3.2 色谱质谱条件的选择分析桂花中的多酚类活性成分时,分别考察了甲醇-水、甲醇-水(0.05%甲酸)、甲醇-水(0.1%甲酸)、甲醇-水(0.2%甲酸)、甲醇-水(0.2%甲酸和5 mmol·L-1醋酸铵)、甲醇-水(5 mmol·L-1醋酸铵)、乙腈-水(0.05%甲酸)、乙腈-水(0.1%甲酸)、乙腈-水(0.2%甲酸)等流动相系统,结果发现甲醇的灵敏度比乙腈高,加酸大的体系色谱峰拖尾较严重,当用0.1%甲酸避免拖尾,色谱峰形最好,且灵敏度最高,故选择甲醇-水(0.1%甲酸)为流动相。
桂花多酚类活性成分中大多属于有机酸类和黄酮苷类,实验中发现采用负离子检测,成分响应优于正离子检测,且干扰更小。本实验在流动相中加入了少量甲酸,此时多酚类可形成稳定的[M-H]-离子。对每个测定化合物进行MRM条件的优化,优选最佳的母离子和检测子离子,并且优选出每1个检测定量离子对最佳的的碰撞电压。
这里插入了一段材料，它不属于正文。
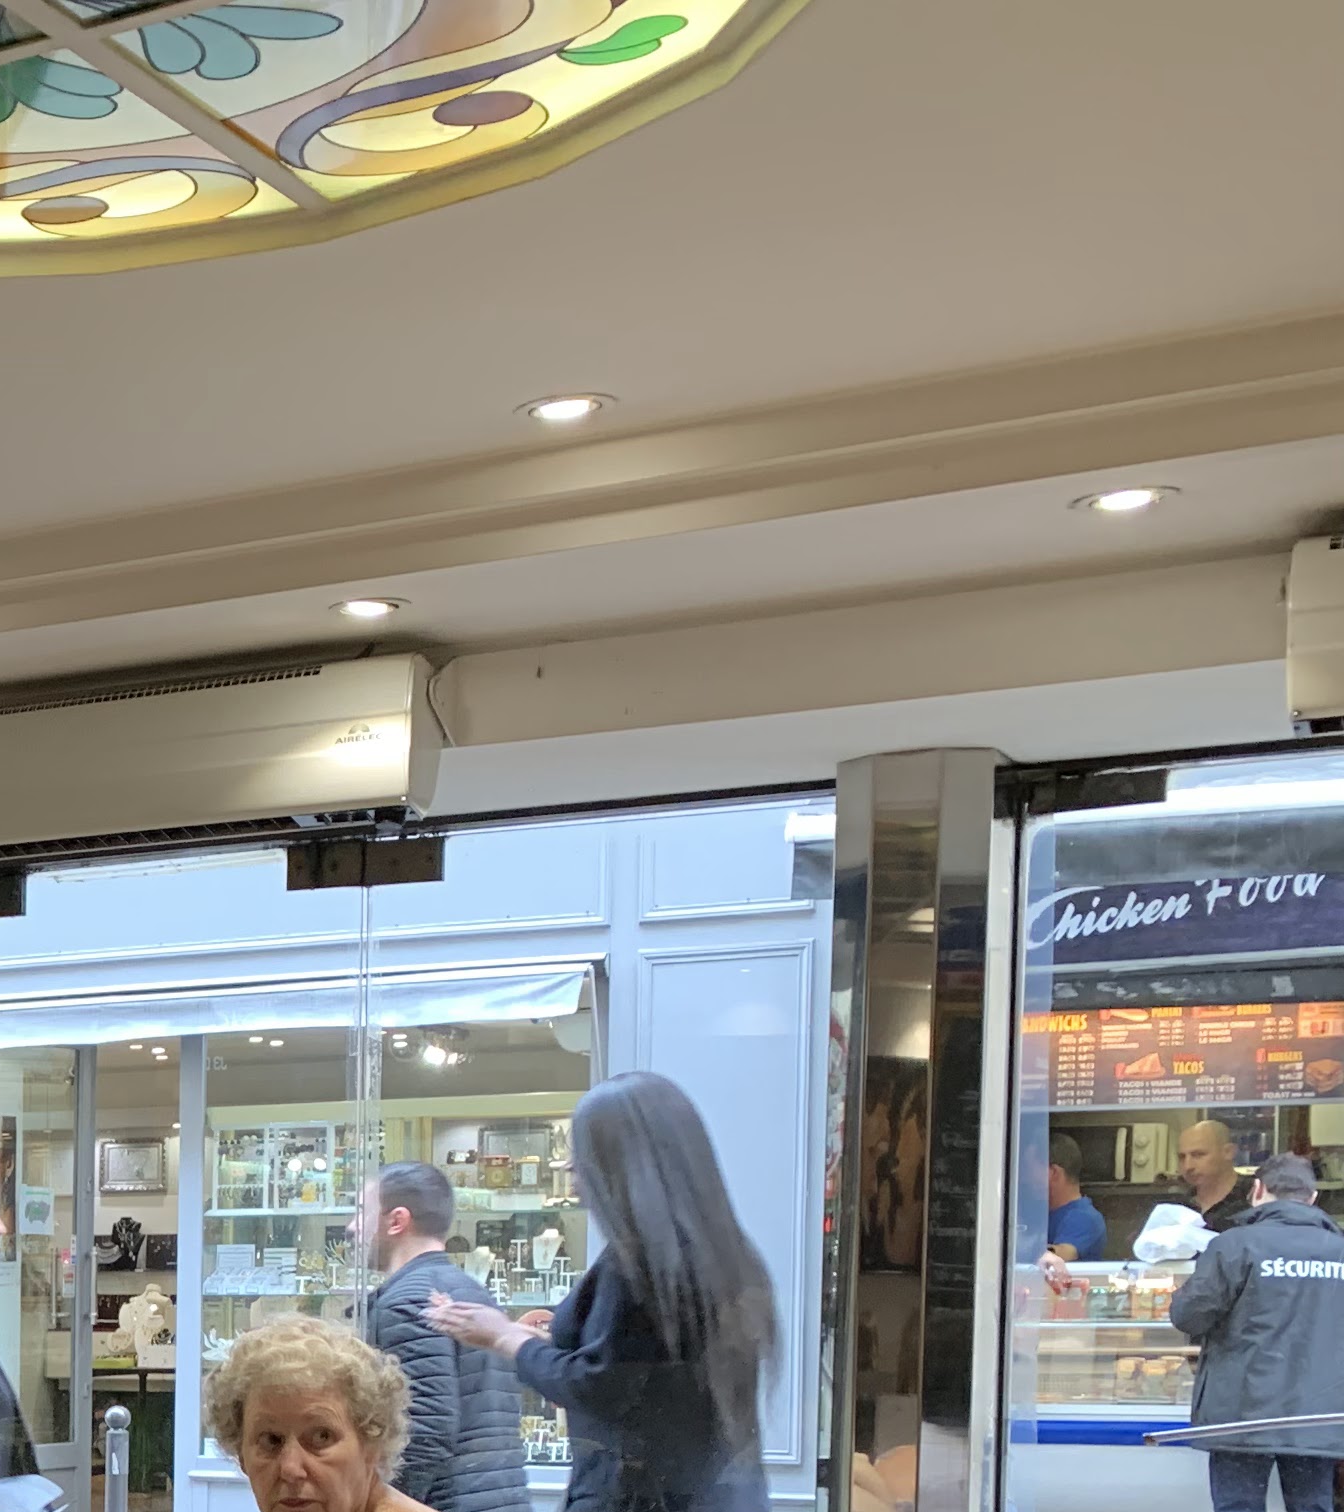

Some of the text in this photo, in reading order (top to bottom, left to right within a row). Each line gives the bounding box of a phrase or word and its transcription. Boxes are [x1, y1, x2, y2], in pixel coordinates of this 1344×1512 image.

[1026, 886, 1192, 950] Chicken
[1173, 1061, 1205, 1074] TACOS
[1260, 1257, 1344, 1280] SÉCURIT
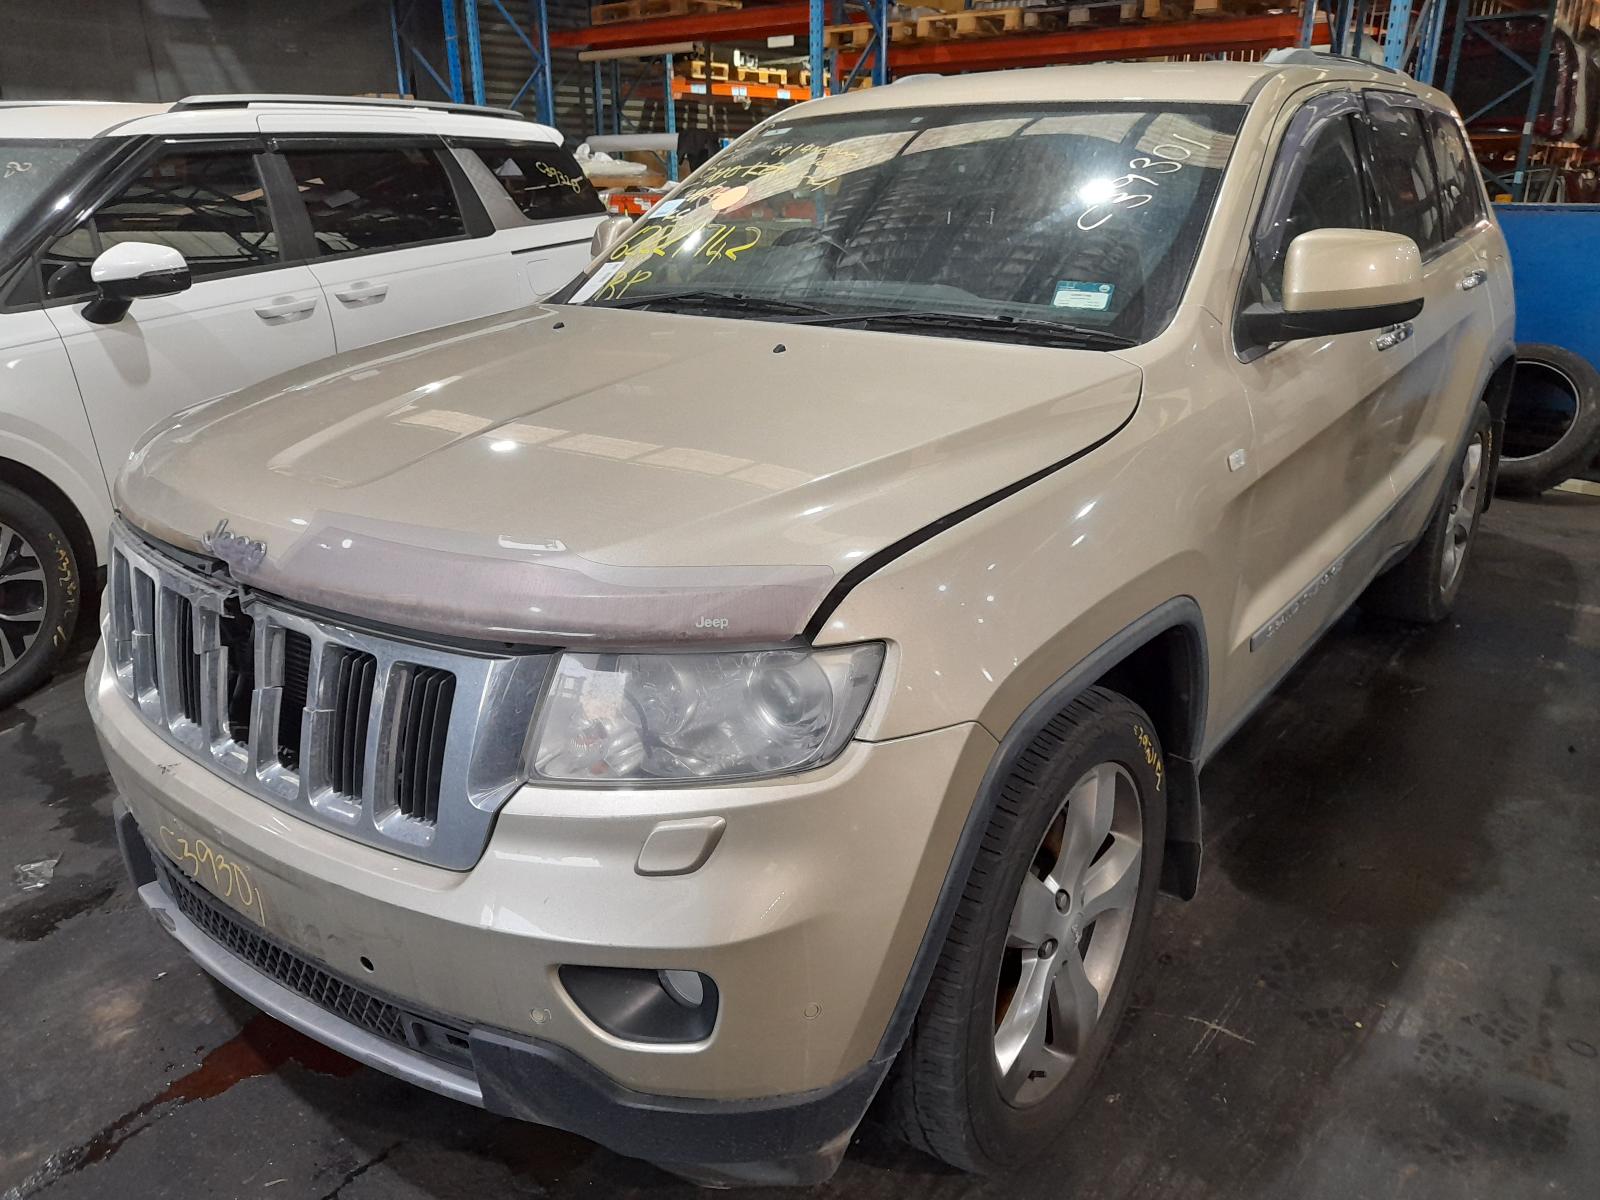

3.3 不同品种桂花中多酚类活性成分含量分析本实验采用HPLC-MS/MS方法研究3个桂花品种中7个多酚类活性成分的含量测定。薛阿辉等[16]采用HPLC法检测四季桂花中多酚类化合物,涉及40 min的分析时间,本实验HPLC的总分析时间为11 min,在短时间内完成对7个主要多酚类成分的同时测定,大大缩短了检测分析的时间。此外,HPLC-MS/MS方法与HPLC结合紫外分光光度计检测方法相比,灵敏度和选择性更高,本实验检测到桂花提取液中7个成分的含量达ng·mL-1级别。
不同品种桂花中所含的化学成分有一定的相似性:3个品种桂花中均含有绿原酸、咖啡酸、阿魏酸、槲皮素、芦丁、柚皮苷、毛蕊花糖苷;3个桂花品种中都以绿原酸、槲皮素和毛蕊花糖苷为主,以阿魏酸、柚皮苷、芦丁和咖啡酸为辅。同一品种中,毛蕊花糖苷含量最高;丹桂和金桂中柚皮苷最低,银桂中咖啡酸含量最低。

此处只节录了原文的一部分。